Bildungsangebot für Thüringer Schulen

Morgen wird im Thüringer Landtag der Thüringen Monitor diskutiert. Er verzeichnet einen hohen Prozentsatz Zustimmung zu antisemitischen Thesen. Ich bin überzeugt davon, dass nur Bildung helfen kann diese Zahlen zu reduzieren.

Der heutige Tag hat mich aber in der Überzeugung bestärkt, dass es viele Menschen gibt, die sich dafür angagieren. Ein neues Bildungsangebot des Erinnerungsortes Topf & Söhne, der Landeszentrale für politische Bildung Thüringen und Omas gegen Rechts e.V. wurde heute Vormittag im Gedenkort vorgestellt.

“Miriams Tagebuch, ein Zeugnis nationalsozialistischer Verfolgung und jüdischer Selbstbehauptung” als multimedialer Workshop wendet sich an Schülerinnen und Schüler ab Klassenstufe 8. Ich hoffe ebenso, wie der Vorsitzende der Jüdischen Landesgemeinde Thüringen, Reinhard Schramm, dass viele Schulen dieses Angebot nutzen werden. Wir waren deshalb gerne heute bei der Vorstellung des Projektes dabei. Ich habe es in das Bildungsangebot zur Bekämpfung des Antisemitismus in Thüringen eingeordnet und werde für die Nutzung werben.

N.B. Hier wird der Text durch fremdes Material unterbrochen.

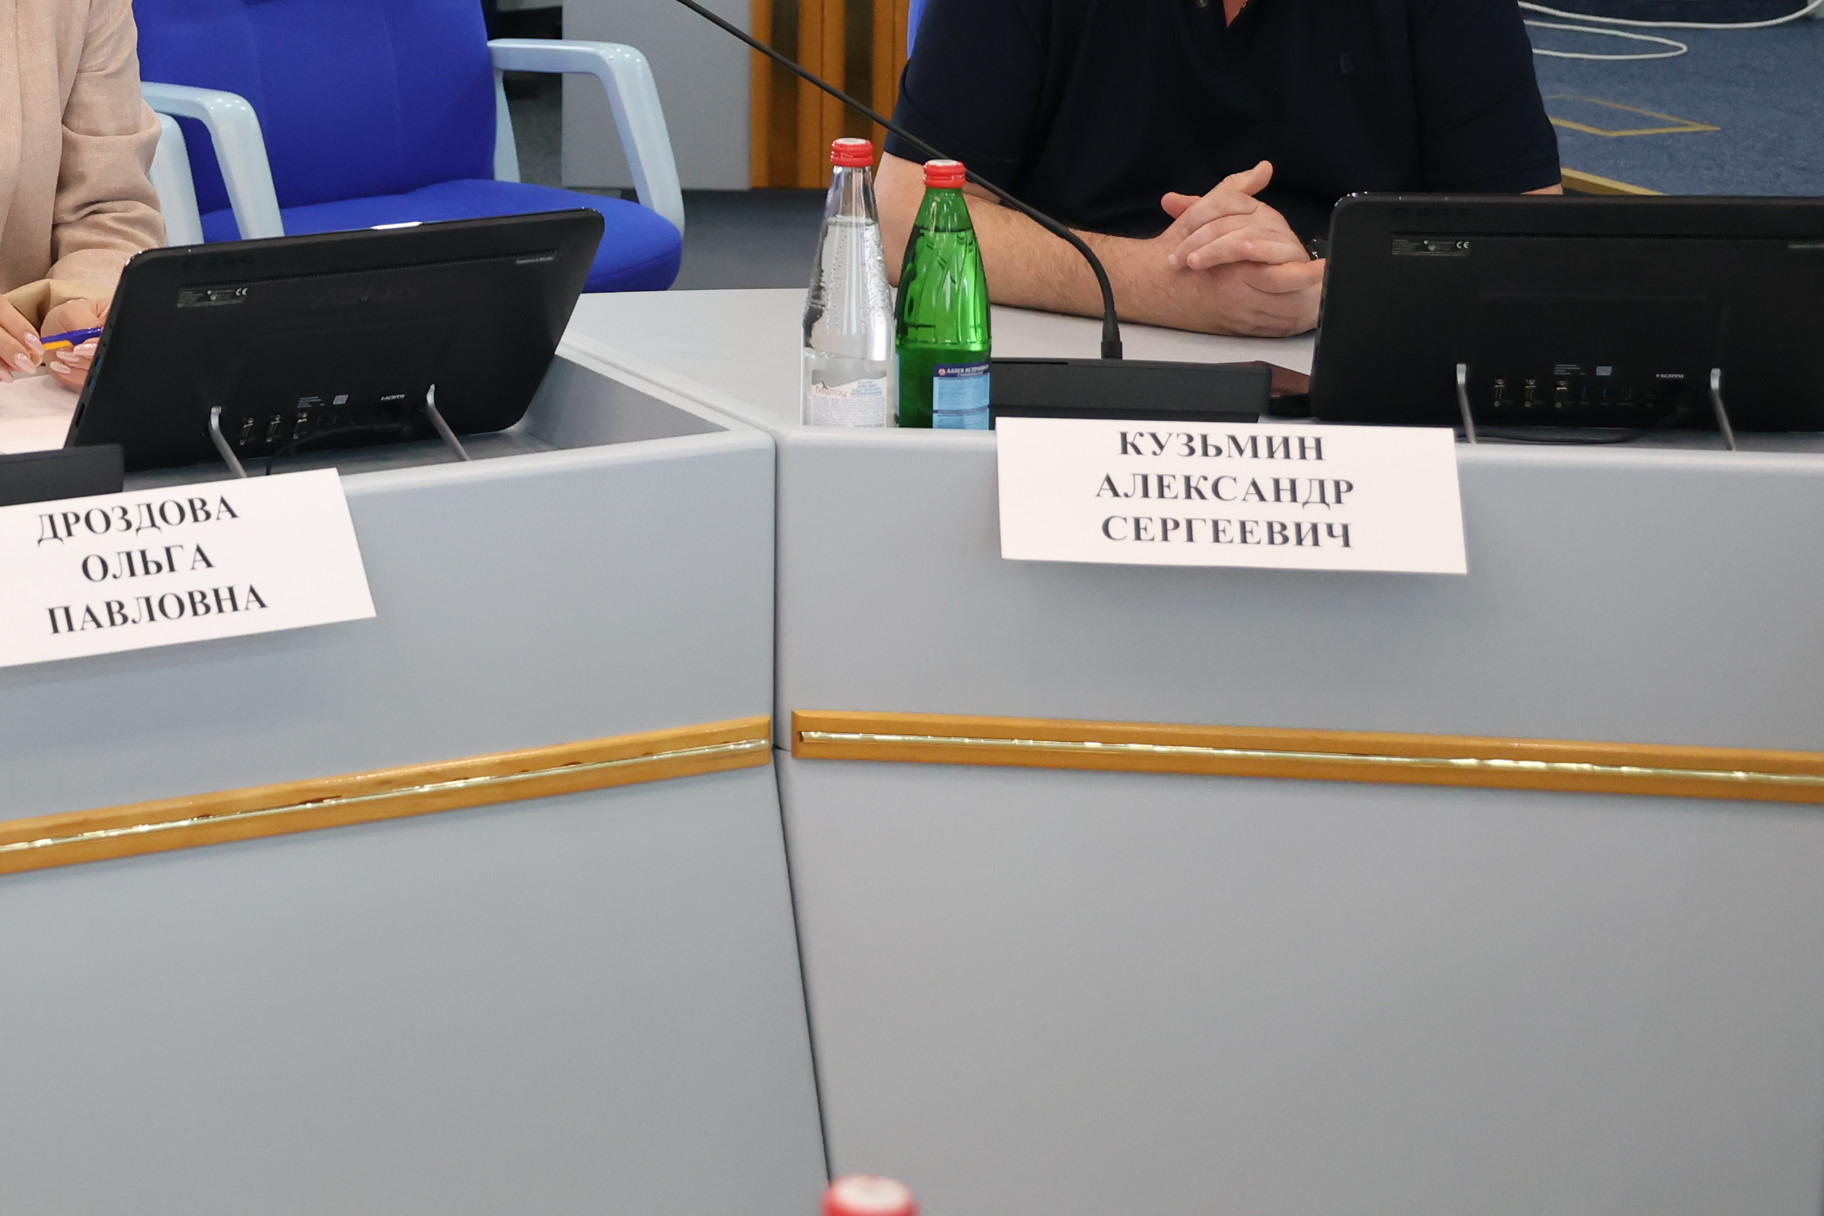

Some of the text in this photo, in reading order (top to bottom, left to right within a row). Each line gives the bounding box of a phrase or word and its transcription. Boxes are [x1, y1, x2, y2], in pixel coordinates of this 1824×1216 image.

Danach ging es weiter an der Erfurter Universität mit einem Doppeltermin. Mit Studentinnen und Studenten (künftige Lehrerinnen und Lehrer) konnte ich in einem Seminar darüber diskutieren, wie antisemitische Narrative in den sozialen Medien verbreitet werden und welche Auswirkungen dies auf gesellschaftliche Debatten und auch das jüdische Leben in Thüringen hat.
Danach habe ich noch die Uni-Bibliothek besucht und im Lesesaal in dem 100 Jahre alten Buch von Fritz Bernstein zum Antisemitismus gelesen – leider erschreckend aktuell.